In itself, a distributed denial of service, or DDoS, attack on a bank's website is little more than costly hooliganism. It essentially consists of hackers ordering a bunch of malware-infected computers to "click" on a bank's website until it's too overwhelmed to respond to legitimate users.

The effect is pretty similar to a barricade across the entrance to your bank: You can't get in, but your money is still safe inside the bank.

But what if thieves used a DDoS attack as cover for a more harmful attack that did actually compromise customer checking accounts? That appears to be exactly what happened to a customer of Bank of the West, according to a report from security blogger Brian Krebs:

A Christmas Eve cyber-attack against the website of a regional California financial institution helped to distract bank officials from an online account takeover against one of its clients, netting thieves more than $900,000.

At approximately midday on Dec. 24, 2012, organized cyber crooks began moving money out of corporate accounts belonging to Ascent Builders, a construction firm based in Sacramento, Calif. In short order, the company's financial institution -- San Francisco-based Bank of the West -- came under a large distributed denial of service (DDoS) attack …

There were 62 individuals suckered in to acting as "mules" for the stolen money, according to Krebs.

It's standard operating procedure for scammers to recruit unsuspecting individuals and businesses ("make big money working from home!") to accept a substantial deposit from thieves and wire the bulk of it overseas, keeping a portion for themselves as payments.
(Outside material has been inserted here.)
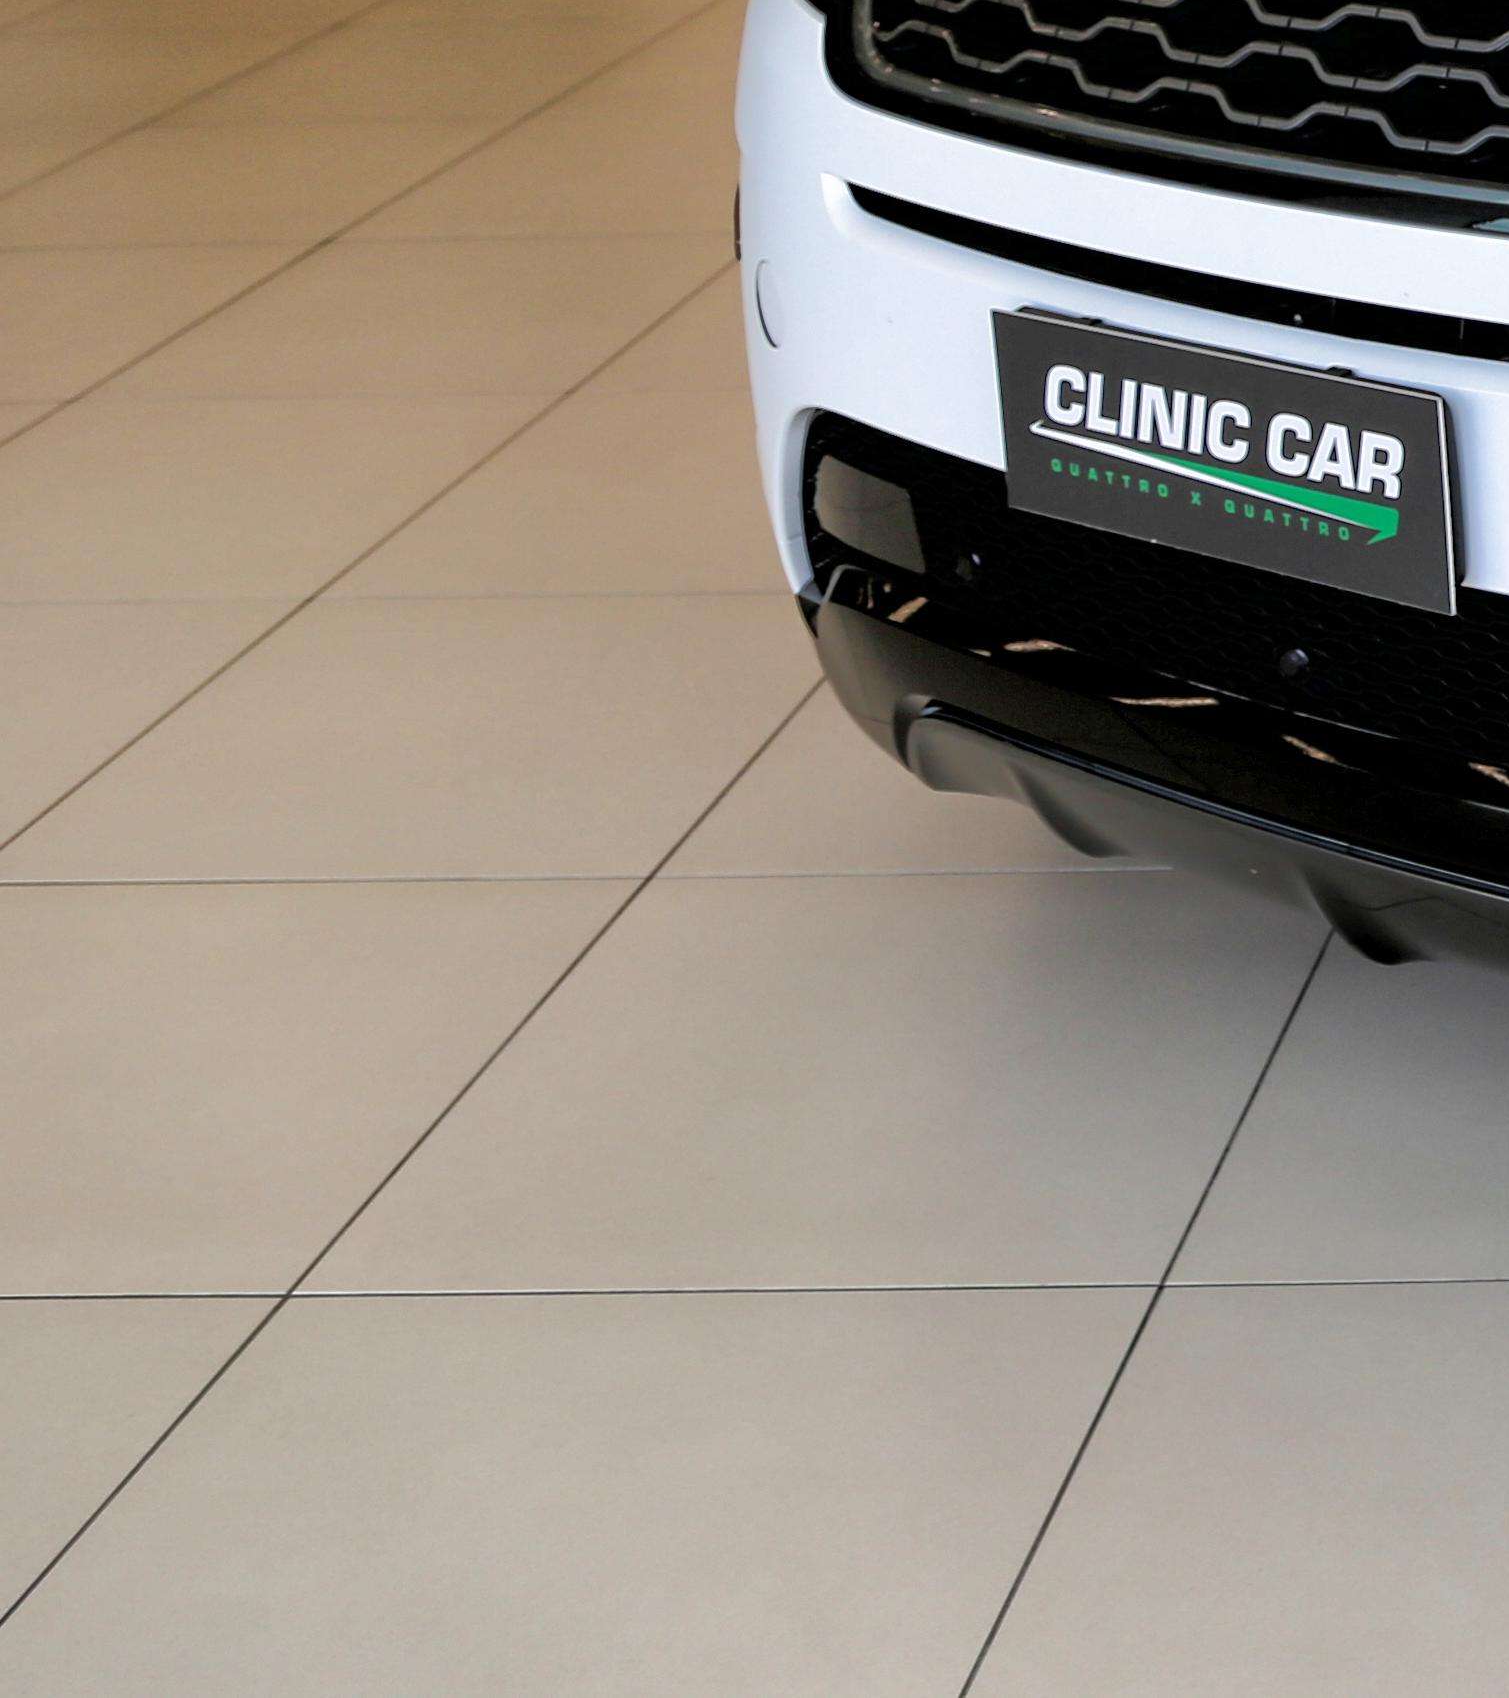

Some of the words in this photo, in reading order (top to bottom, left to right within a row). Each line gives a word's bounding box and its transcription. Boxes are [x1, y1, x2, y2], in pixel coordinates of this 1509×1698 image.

Typically, the money clears and the mule completes the transfer, only to have the authorities catch up with them and claw back the money, leaving them on the hook for most of the losses.

Obviously, you never want to agree to accept and transfer cash as these mules did. Aside from the legal implications of engaging in what amounts to money laundering, what good are promised payoffs if they're going to be clawed back later?

Another important step to avoid having your account on the receiving end of this type of coordinated attack is having up-to-date antivirus software installed on your computer. Krebs writes that the thieves may have gained access to Ascent Builders' bank logins using malware surreptitiously installed on its computers. And you don't want that happen to you, especially on Christmas Eve.

What do you think? Do you worry about online thieves draining your accounts? What precautions do you take to prevent that from happening?

Follow me on Twitter: @claesbell.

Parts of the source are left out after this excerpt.